Whitley Johnson's dream summer with her divorcé dad has turned into a nightmare. She's just met his new fiancée and her kids. The fiancée's son? Whitley's one-night stand from graduation night. Just freakin' great.

Worse, she totally doesn't fit in with her dad's perfect new country-club family. So Whitley acts out. She parties. Hard. So hard she doesn't even notice the good things right under her nose: a sweet little future stepsister who is just about the only person she's ever liked, a best friend (even though Whitley swears she doesn't "do" friends), and a smoking-hot guy who isn't her stepbrother...at least, not yet.
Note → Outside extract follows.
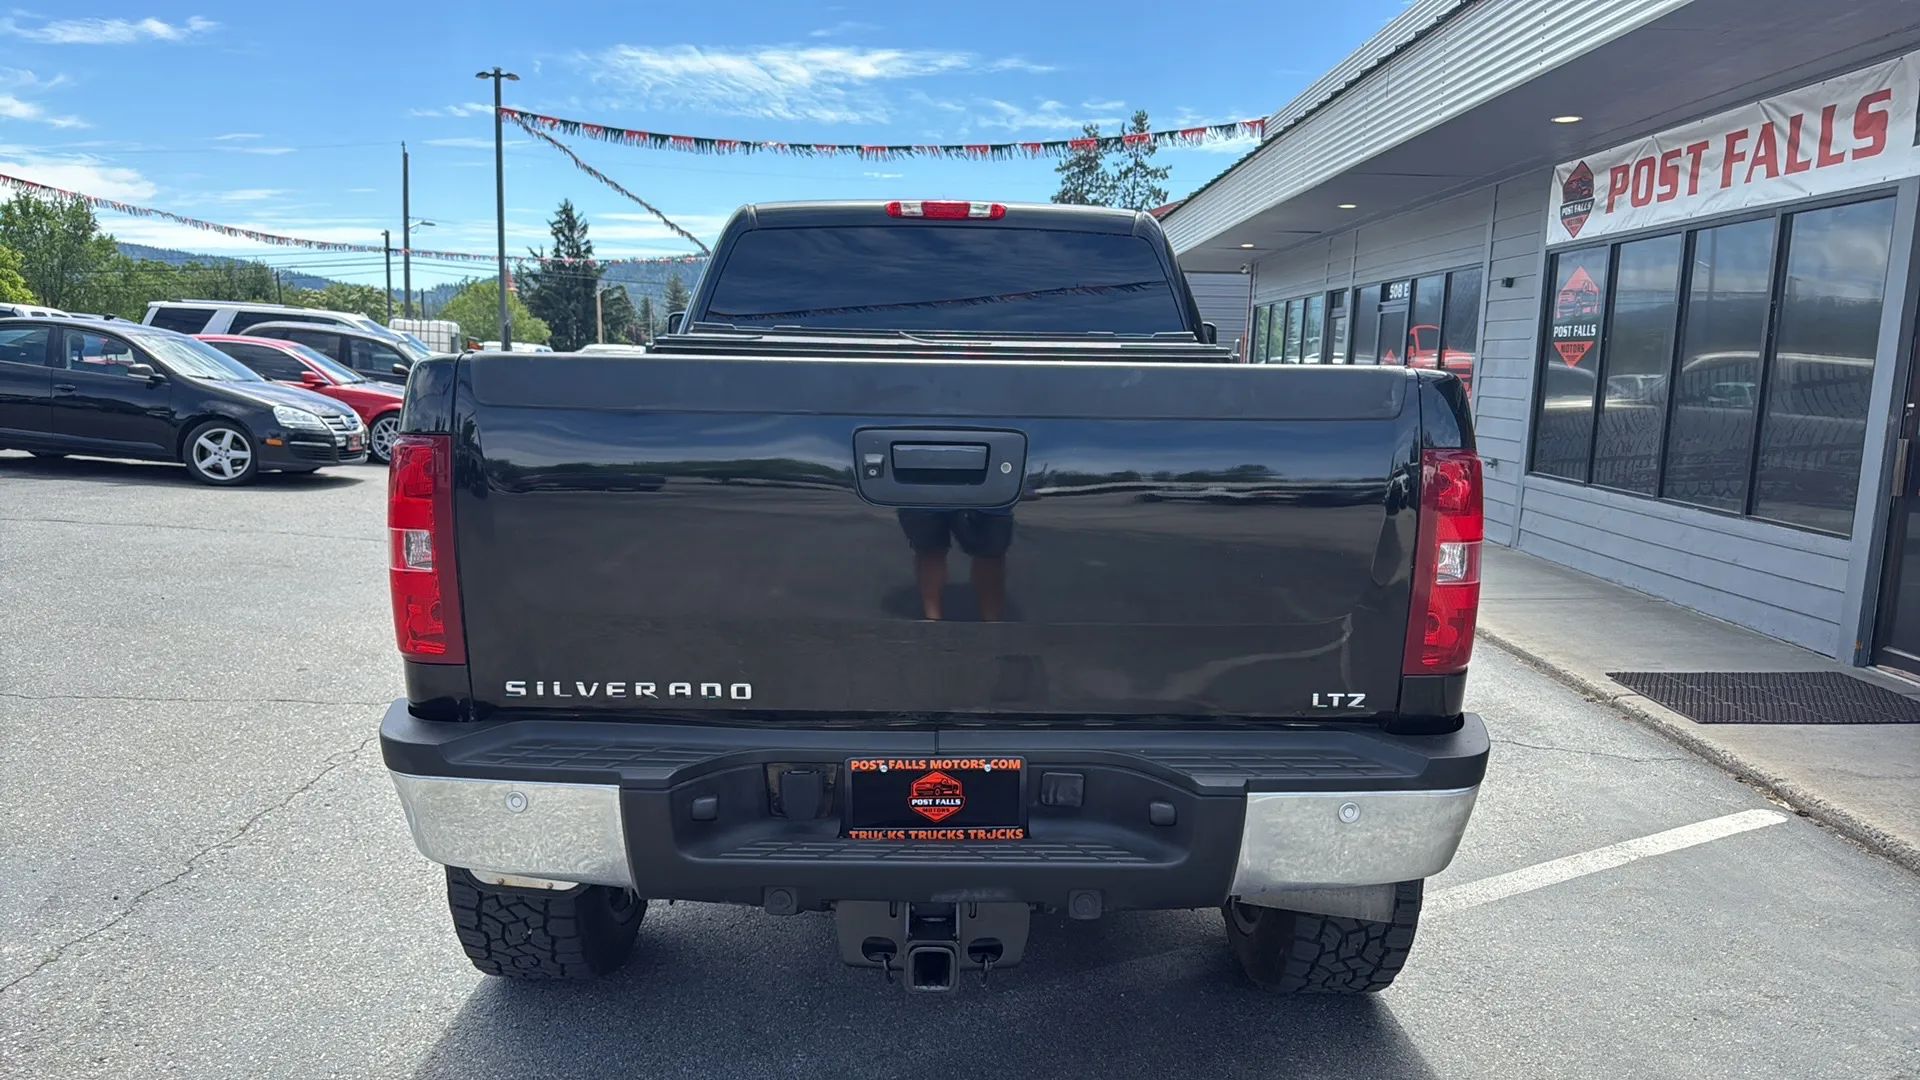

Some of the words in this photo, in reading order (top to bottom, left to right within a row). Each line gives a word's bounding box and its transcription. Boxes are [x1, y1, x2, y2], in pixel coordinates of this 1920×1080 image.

It will take all three of them to help Whitley get through her anger and begin to put the pieces of her family together.

Filled with authenticity and raw emotion, Whitley is Kody Keplinger's most compelling character to date: a cynical Holden Caulfield-esque girl you will wholly care about.




I liked this book, but I didn't love it.  Which sucks because I like Kody Keplinger: her writing is real and full of showing-not-telling; she has great YA appeal; and she wrote The DUFF!

It was a nice touch to set this book in Hamilton, the same town where The DUFF takes place; I was happy to see Wesley and Bianca again, but the other characters didn't act the same (in their bit parts) as they did in Keplinger's previous novel.  Harrison, in particular, didn't stand out as being a flamboyant homosexual in The DUFF, but he acted like a stereotypical gay guy in this book.

If that been the only thing that irked me, I would have given this book a higher rating, but there was one major flaw in the book: I disliked almost all of the characters.  Whitley is someone I would have hated in high school.  (And college.)  (And now.)  Nathan is a hypocrite.  Whitley's parents are both major douches.  Bailey is needy and clingy.  The only person I really liked was Sylvia, Whitley's stepmother-to-be.  

It was nice that everyone grew up in the end, but it all happened so quickly.  It really should have taken more than a few conversations/situations for everyone to see the error of their ways.  This was a quick read, but it would have been nice if it had been fleshed out more.